MedPath

The Effects of a Psychoeducational Intervention on Health and Performance-based Outcomes of Veterans Diagnosed With PTSD

Not Applicable
Recruiting
Conditions
Post Traumatic Stress Disorder
Interventions
Other: Psychological Skills Training (PST)
Registration Number
NCT06403514
Lead Sponsor
Nova Southeastern University
Brief Summary

Nova Southeastern University and the Veterans trust through this line of research will strengthen community engagement and awareness for the need to recognize and provide treatment models for veterans diagnosed with PTSD. The goal is to improve self-regulatory mechanisms within the racecar simulated-environment with the hope it translates to real-life scenarios.

The design is a single-case approach with the application of range-bound changing criterion design. It will include elements of stress-inoculation therapy, cognitive processing therapy, optimal zones of functioning, biofeedback and psychological skills training. This particular design will allow for the collection and identification of the idiosyncratic differences between each participant which will guide how the data are collected and the tailoring of the intervention.

Detailed Description

Initially, the participants undergo all pre-test assessments at the Neuropsychology Assessment Center prior to being deemed eligible for the experiment. Next, participants will be scheduled individually to visit the Race Lab to become acquainted with the lab and virtual environment. Basics of the research study will be explained to each participant as part of the adaptation process. This will include a brief educational lesson on the Psychological Skills Training intervention. Following the adaptation period, the participant will commence with the experimental race-car psychoeducational intervention.

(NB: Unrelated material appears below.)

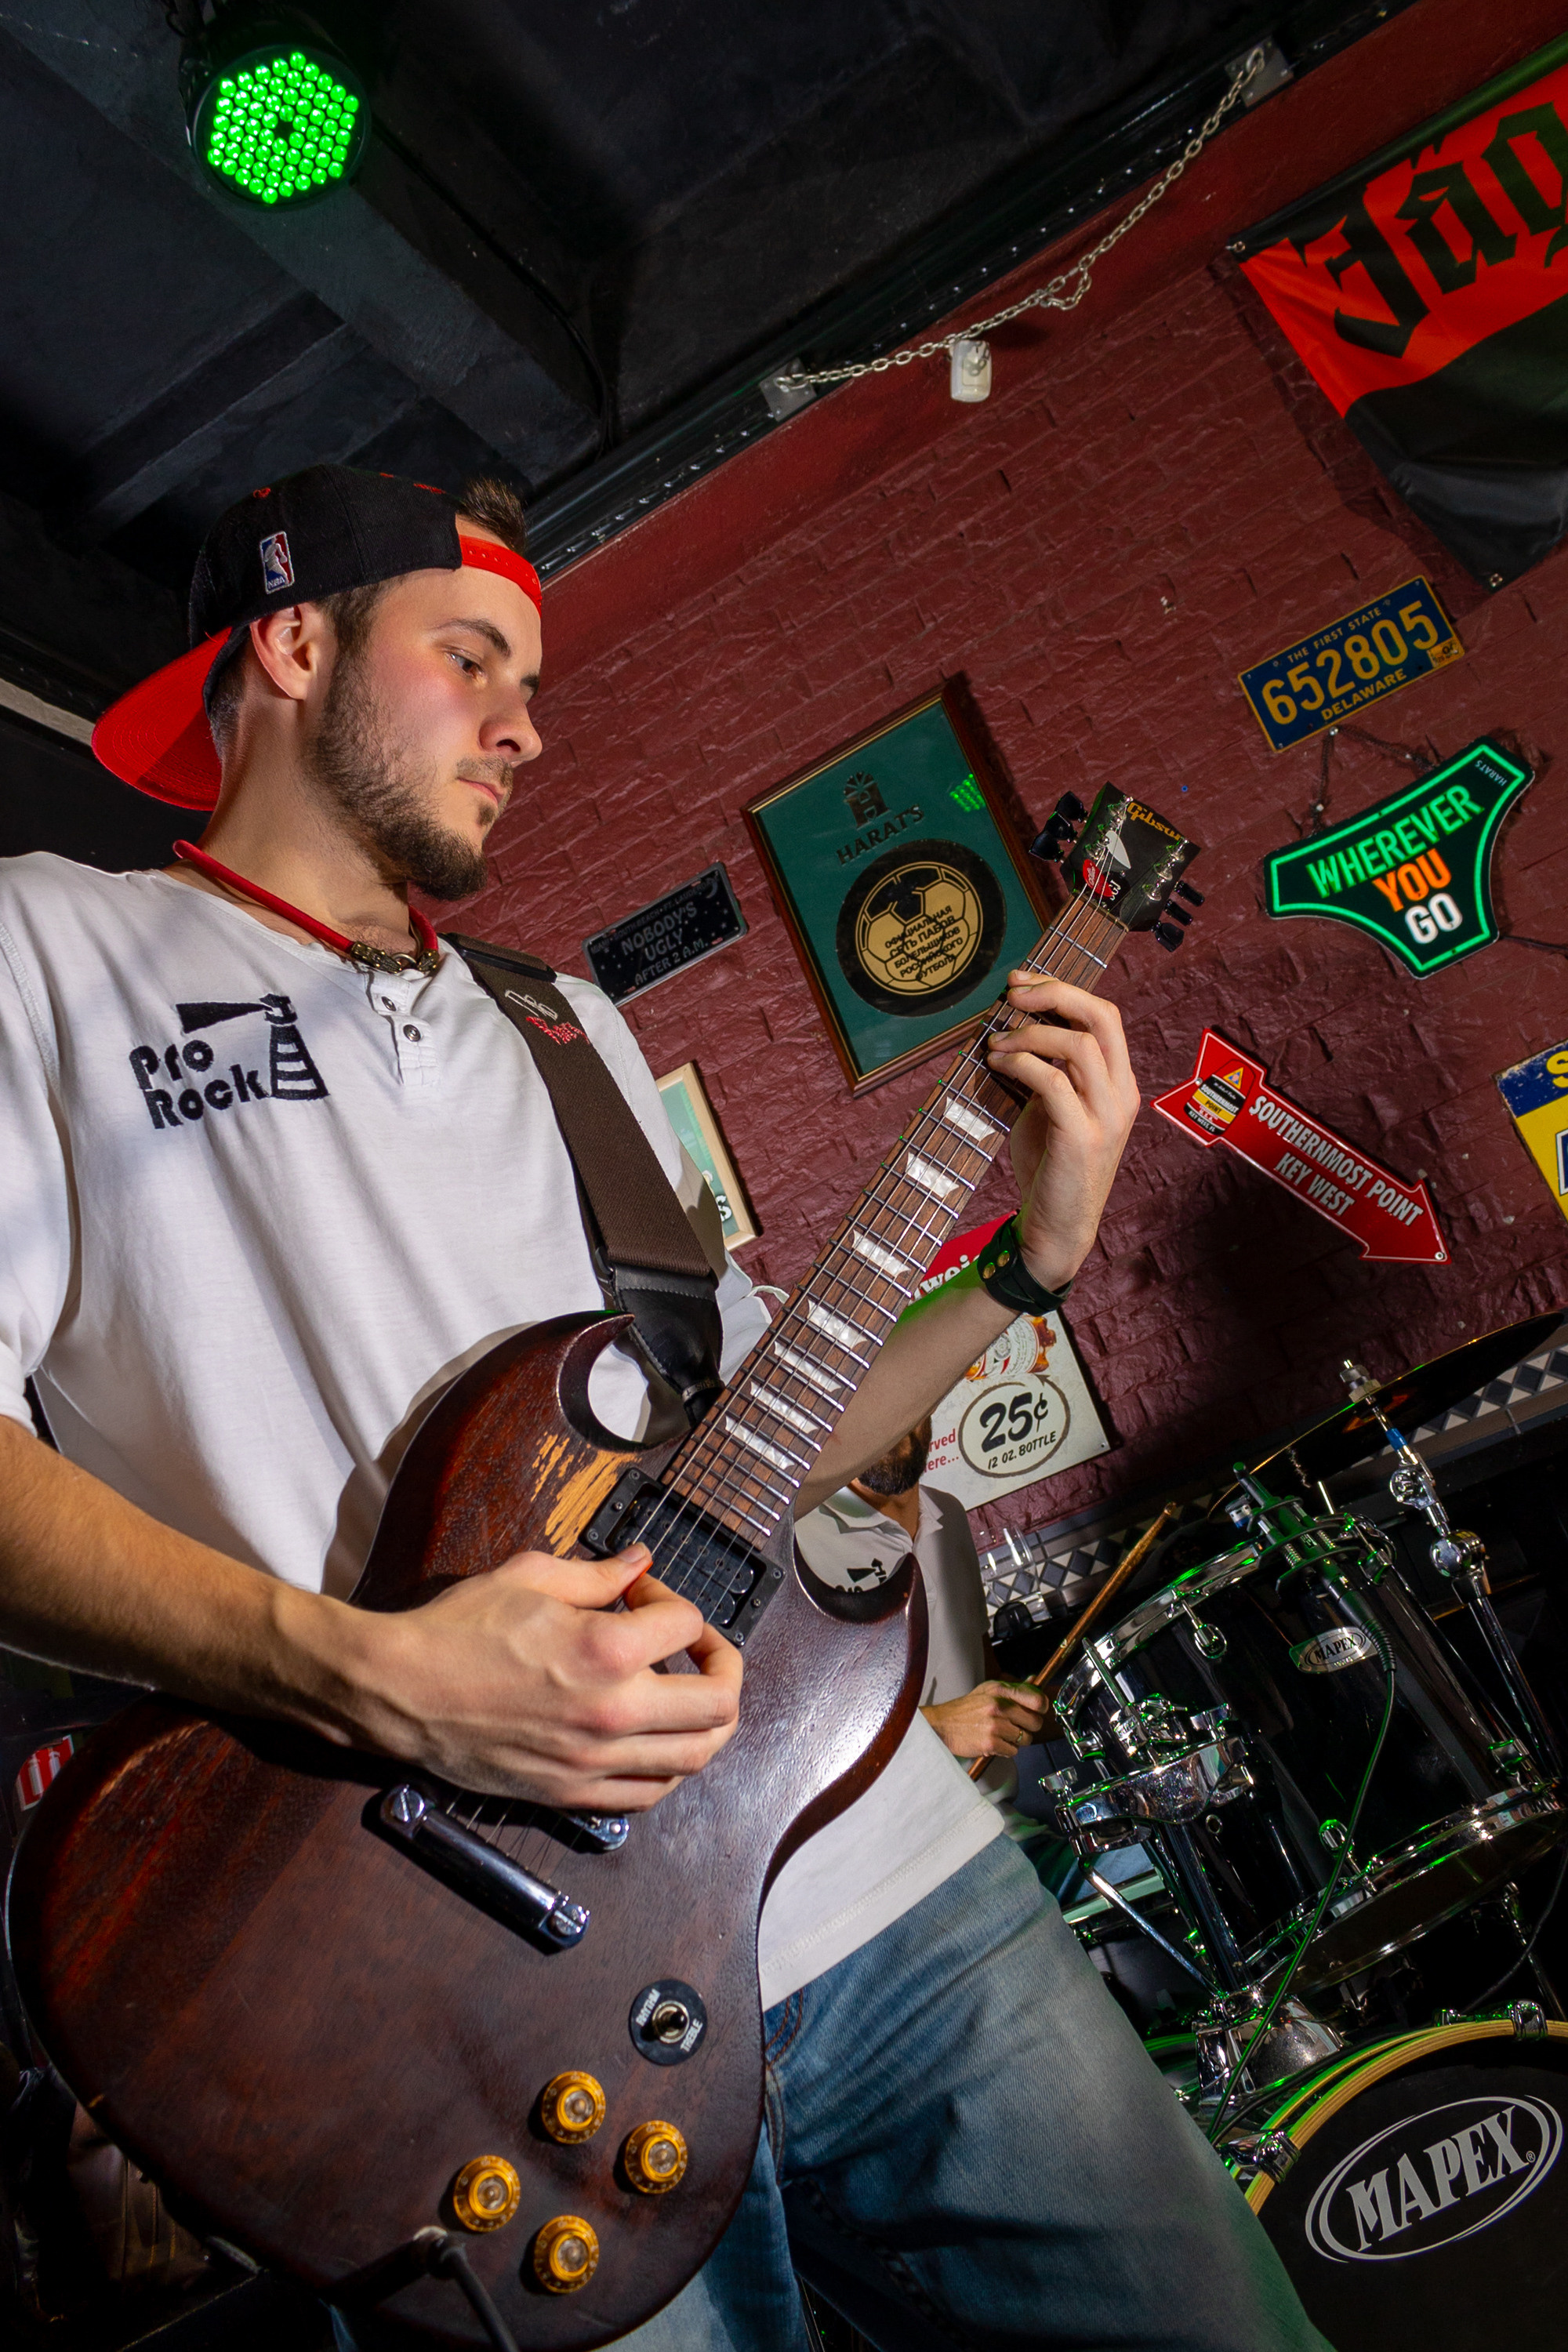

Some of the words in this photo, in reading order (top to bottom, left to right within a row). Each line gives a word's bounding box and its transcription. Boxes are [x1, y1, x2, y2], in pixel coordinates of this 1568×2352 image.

Design. A single-case approach with the Range-Bound Changing Criterion design (RBCC) will used. The RBCC design is a variant of the changing criterion design used in single-subjects research to allow for the systematic shaping of behaviors in the pursuit of short- and long-term based objectives. As a result, the design adequately allows for the application of the Learning-Modification-Application Model (LMA), which is based on the premise of periodization (i.e., step-wise incremental changes as a means to improve performance through increased challenges). That is, following baseline collection, a performance range-bound criterion will be established a-priori based on the phase of the LMA model. Control is established when the participant's performance consistently matches or surpasses the criterion within the given phase of the LMA and continues to progress throughout the subsequent intervention phases as performance criteria becomes more rigorous. See Table 1 and Figure 1 for the basics of the RBCC Design.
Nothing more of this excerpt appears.